Practical atheism is the view that one should live their life with disregard towards a god. Practical atheism does not reject or accept claims about God. Practical atheism has an overlap with apatheism and pragmatic atheism. Apatheism sees the god question as irrelevant while practical atheism does not. Since practical atheism doesn't address the god claim one can be both a theist and a practical atheist.

Forms
Philosopher Zofia Zdybicka lists four forms of practical atheism.
Where one is not guided by religious principles
Where one has a lack of interest in matters related to a god or gods
Ignorance of the concept of a god 
Where one excludes a god or gods from intellectual pursuits and practical action at the individual or social level

History
Historically, practical atheism was considered by some people to be associated with moral failure, willful ignorance, and impiety. Those considered practical atheists were said to behave as though God, ethics, and social responsibility did not exist.

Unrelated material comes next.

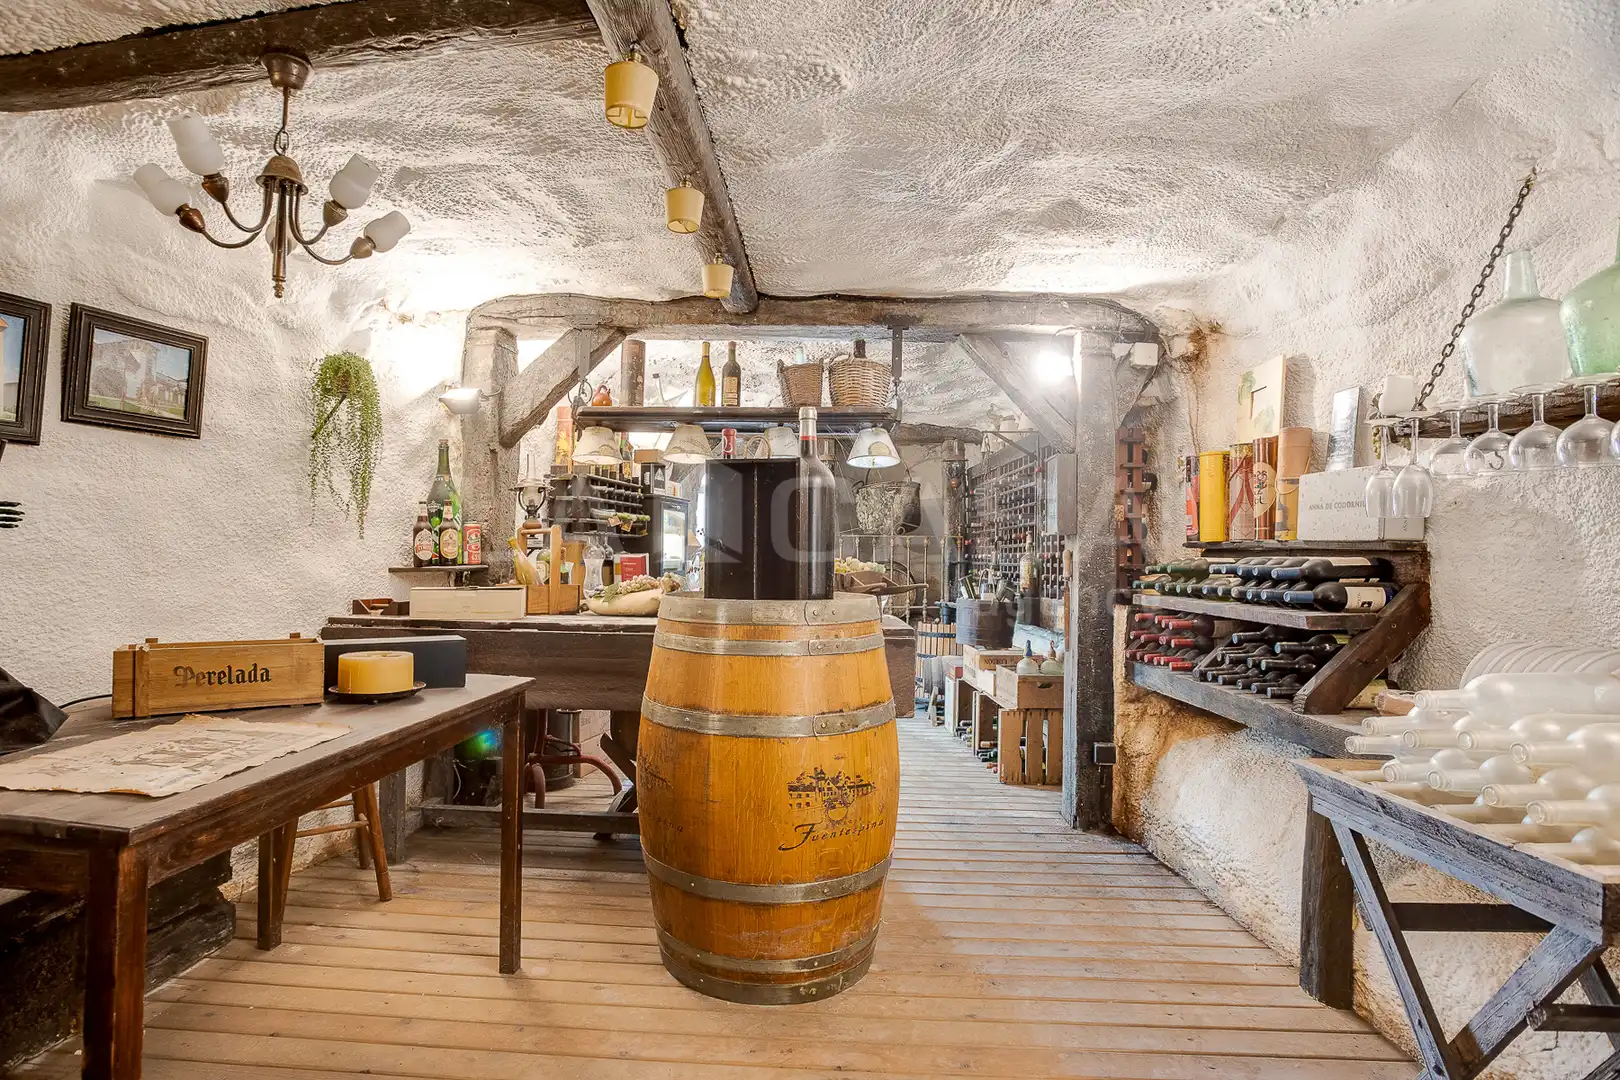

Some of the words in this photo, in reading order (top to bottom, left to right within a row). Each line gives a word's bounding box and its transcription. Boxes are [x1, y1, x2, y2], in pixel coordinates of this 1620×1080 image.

[1308, 503, 1324, 511] ANNA
[1325, 502, 1333, 510] DE
[173, 663, 271, 689] Perelada
[778, 819, 884, 851] Fuentespina

According to the French Catholic philosopher Étienne Borne, "Practical atheism is not the denial of the existence of God, but complete godlessness of action; it is a moral evil, implying not the denial of the absolute validity of the moral law but simply rebellion against that law."
In response to Voltaire, French philosopher Denis Diderot wrote: "It is very important not to mistake hemlock for parsley; but not at all so to believe or not in God."